(Available records Opens)

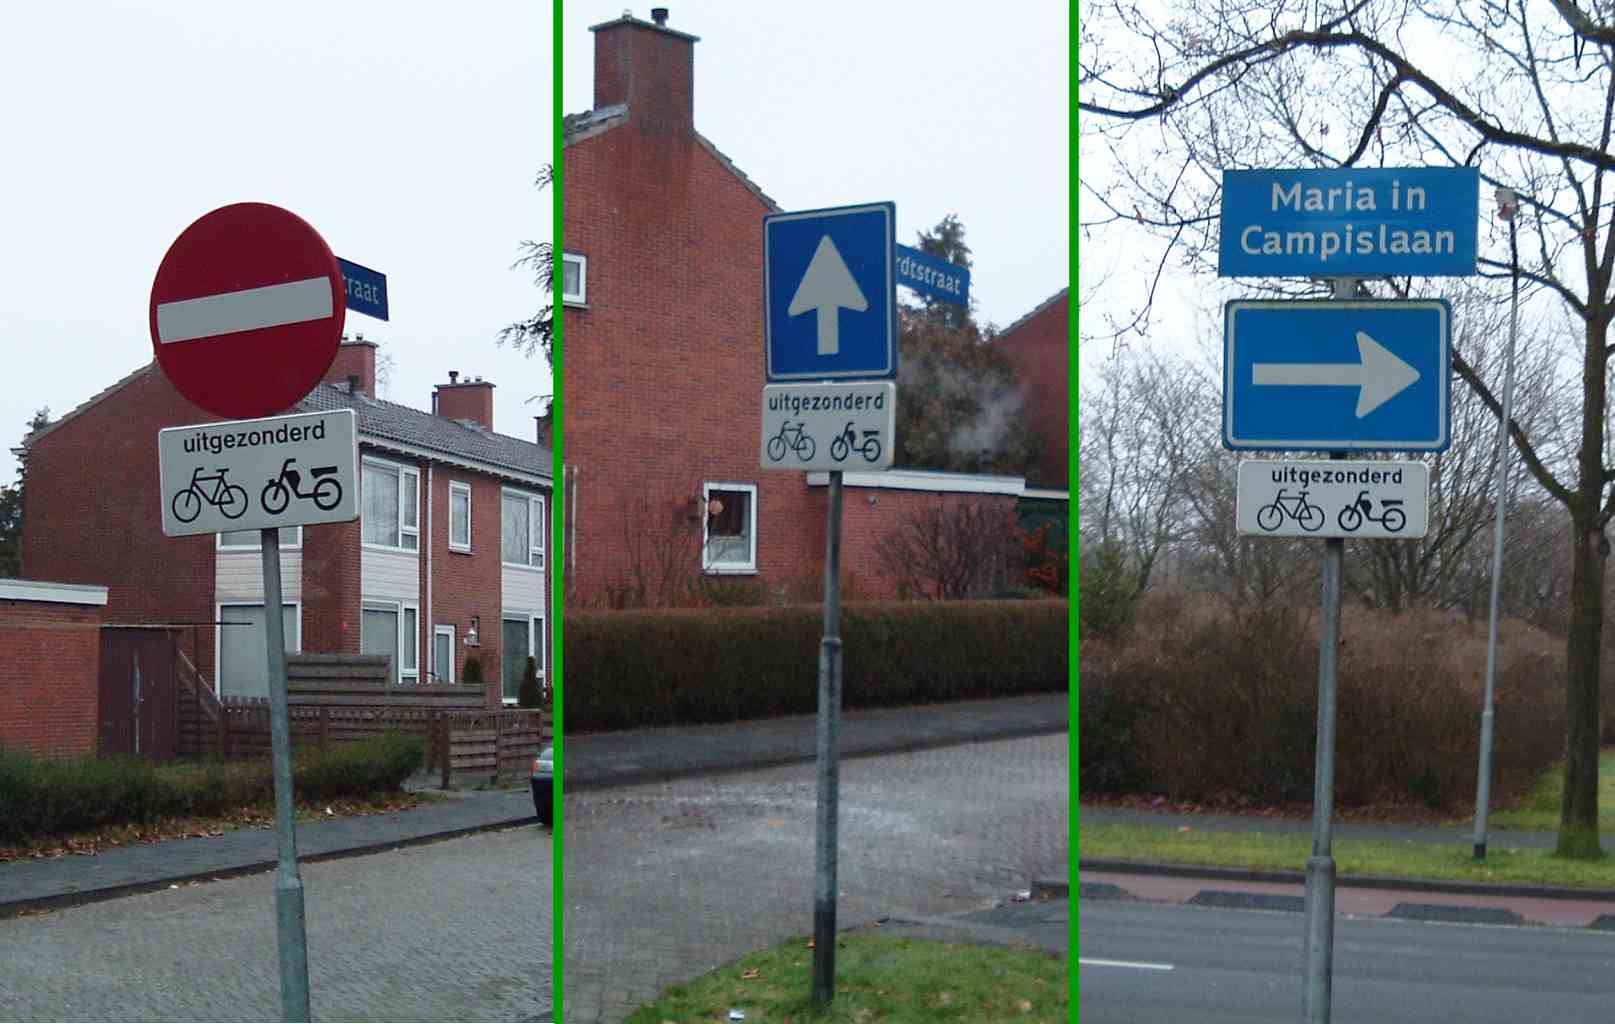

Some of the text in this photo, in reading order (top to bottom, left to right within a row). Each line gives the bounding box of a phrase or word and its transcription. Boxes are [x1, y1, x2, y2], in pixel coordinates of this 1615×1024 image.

[1271, 180, 1425, 212] Maria in
[1241, 225, 1455, 261] Campislaan
[769, 391, 884, 414] uitgezonderd
[183, 420, 326, 454] uitgezonderd
[1271, 467, 1403, 488] uitgezonderd

(Available records Closes)

◆ **What the task requires**:
Would you set down every line of the data above exactly, skipping the pictures?

◆ **Exercise response**:
Some of the text in this photo, in reading order (top to bottom, left to right within a row). Each line gives the bounding box of a phrase or word and its transcription. Boxes are [x1, y1, x2, y2], in pixel coordinates of this 1615×1024 image.

[1271, 180, 1425, 212] Maria in
[1241, 225, 1455, 261] Campislaan
[769, 391, 884, 414] uitgezonderd
[183, 420, 326, 454] uitgezonderd
[1271, 467, 1403, 488] uitgezonderd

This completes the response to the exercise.